=== Source information ===

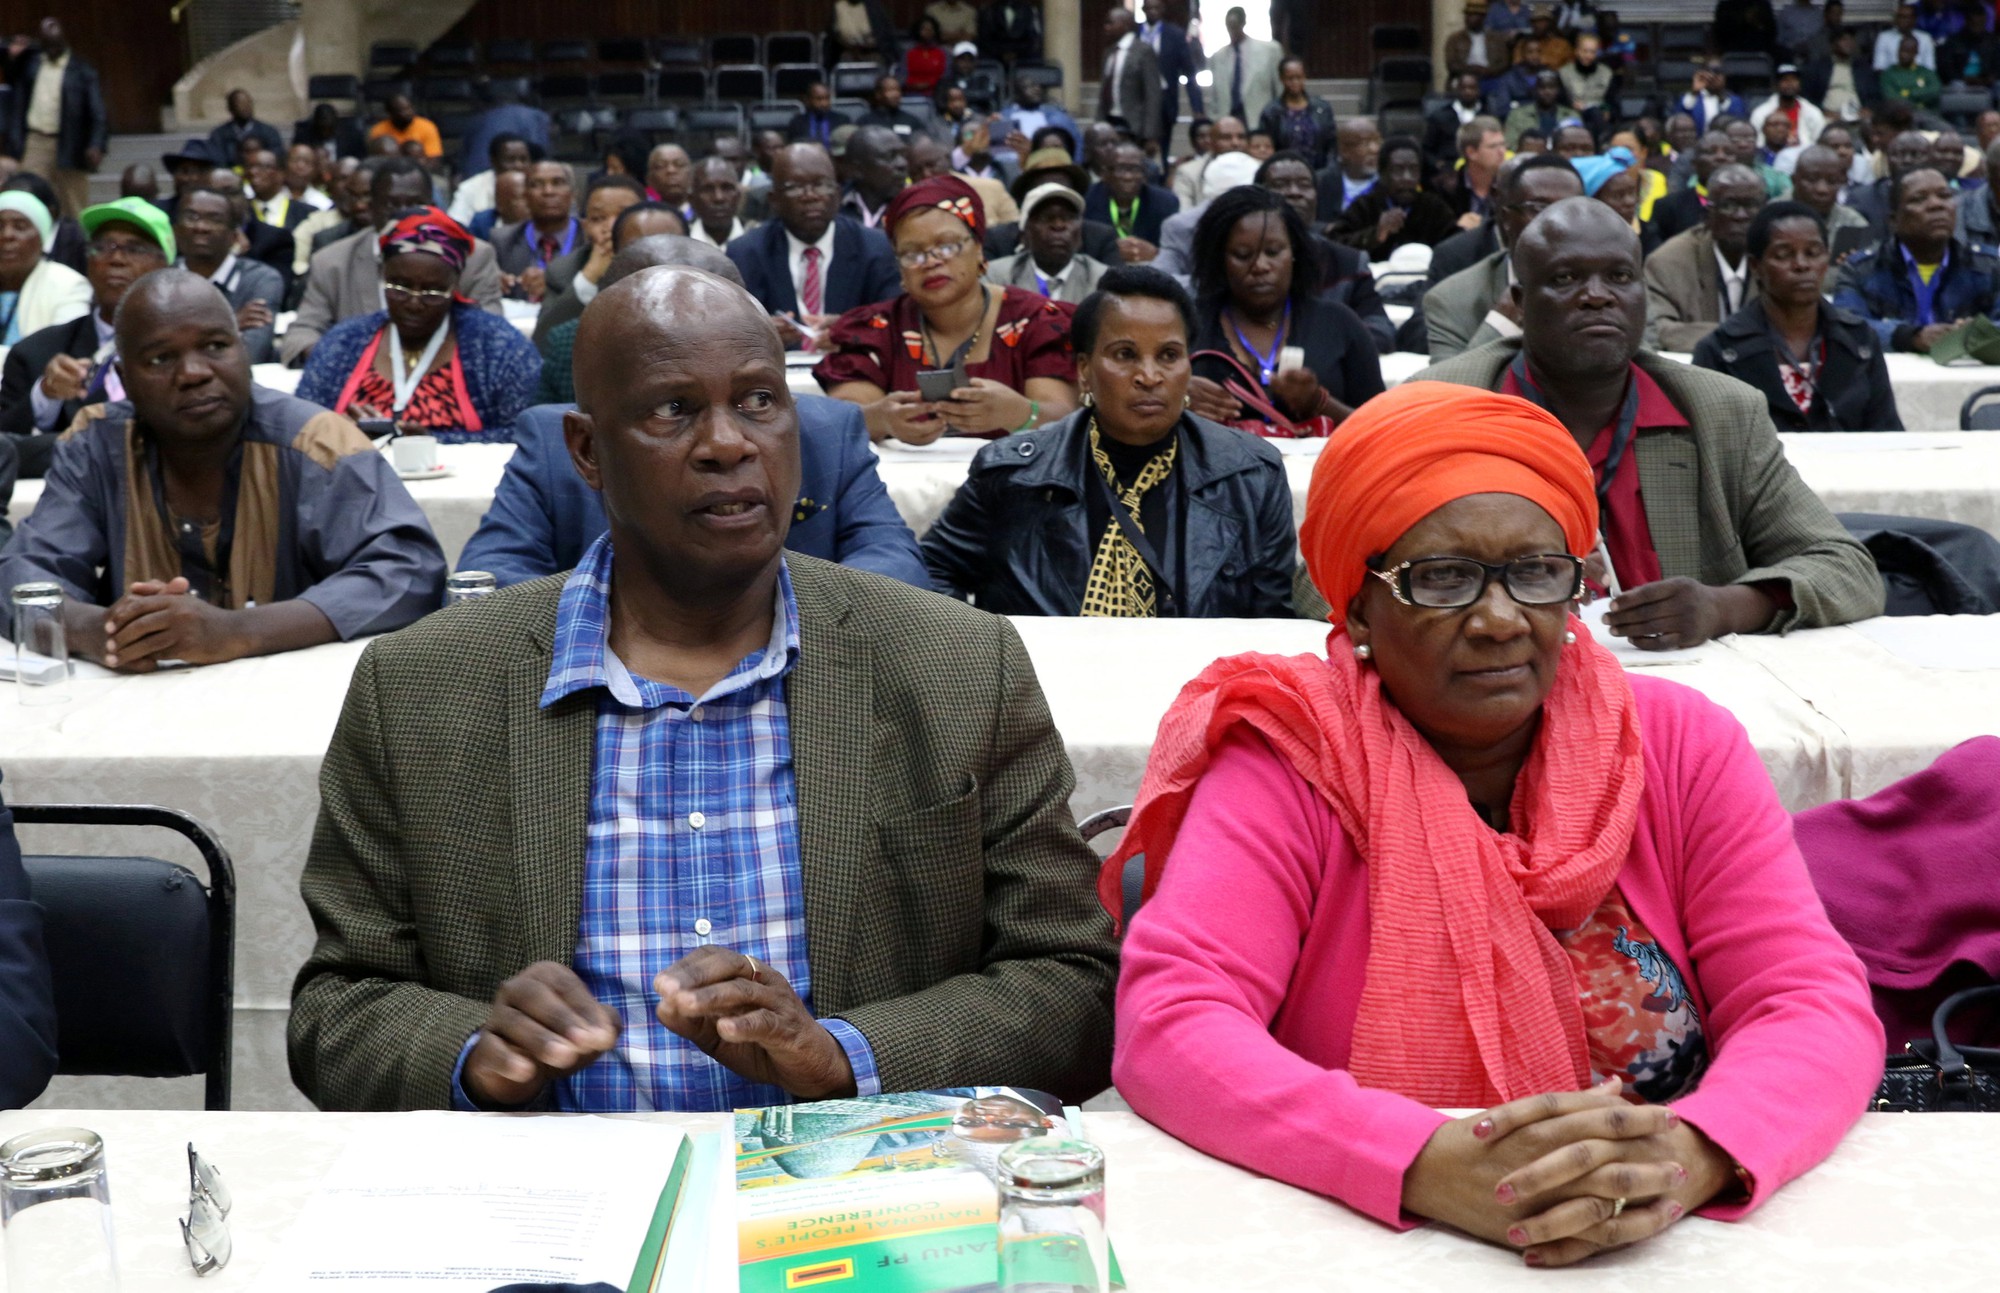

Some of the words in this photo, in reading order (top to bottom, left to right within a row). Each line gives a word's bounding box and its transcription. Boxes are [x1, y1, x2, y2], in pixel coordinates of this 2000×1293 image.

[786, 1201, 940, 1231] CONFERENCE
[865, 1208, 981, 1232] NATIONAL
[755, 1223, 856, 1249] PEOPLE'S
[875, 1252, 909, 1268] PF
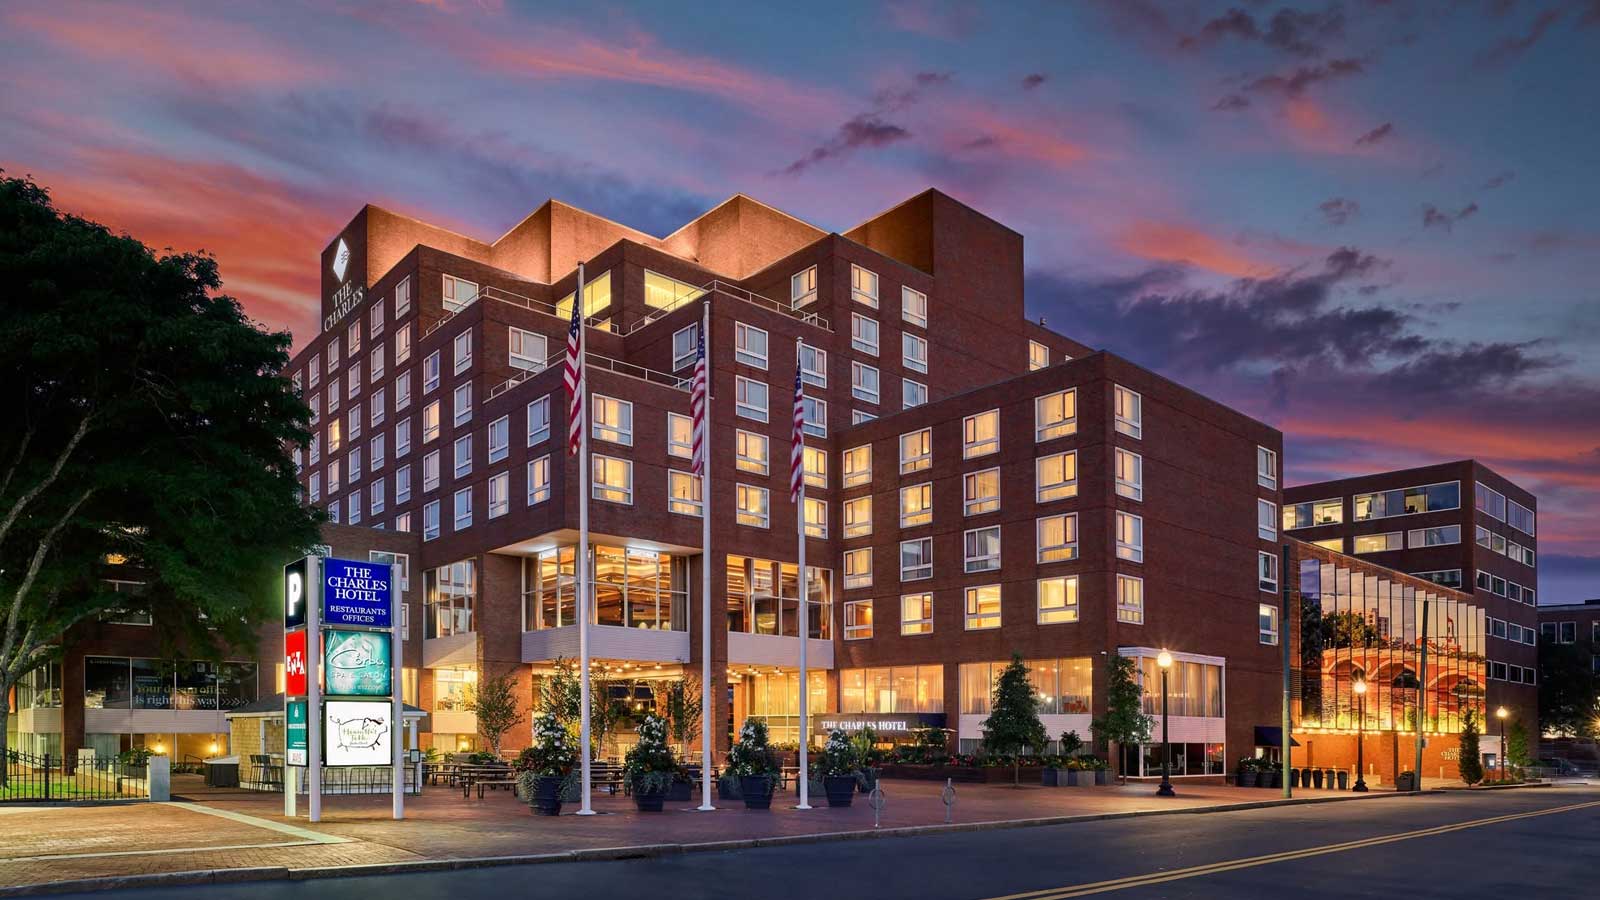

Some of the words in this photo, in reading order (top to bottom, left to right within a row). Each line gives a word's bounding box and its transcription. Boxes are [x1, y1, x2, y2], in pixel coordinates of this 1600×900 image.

===

> Work required:
Set down all the entries exactly as they appear, but skip any pictures.

> Solved problem:
Some of the words in this photo, in reading order (top to bottom, left to right within a row). Each line gives a word's bounding box and its transcription. Boxes are [x1, y1, x2, y2], in pixel coordinates of this 2000×1293 image.

[786, 1201, 940, 1231] CONFERENCE
[865, 1208, 981, 1232] NATIONAL
[755, 1223, 856, 1249] PEOPLE'S
[875, 1252, 909, 1268] PF

Some of the words in this photo, in reading order (top to bottom, left to right within a row). Each line gives a word's bounding box and its transcription. Boxes are [x1, y1, x2, y2], in pixel coordinates of this 1600×900 image.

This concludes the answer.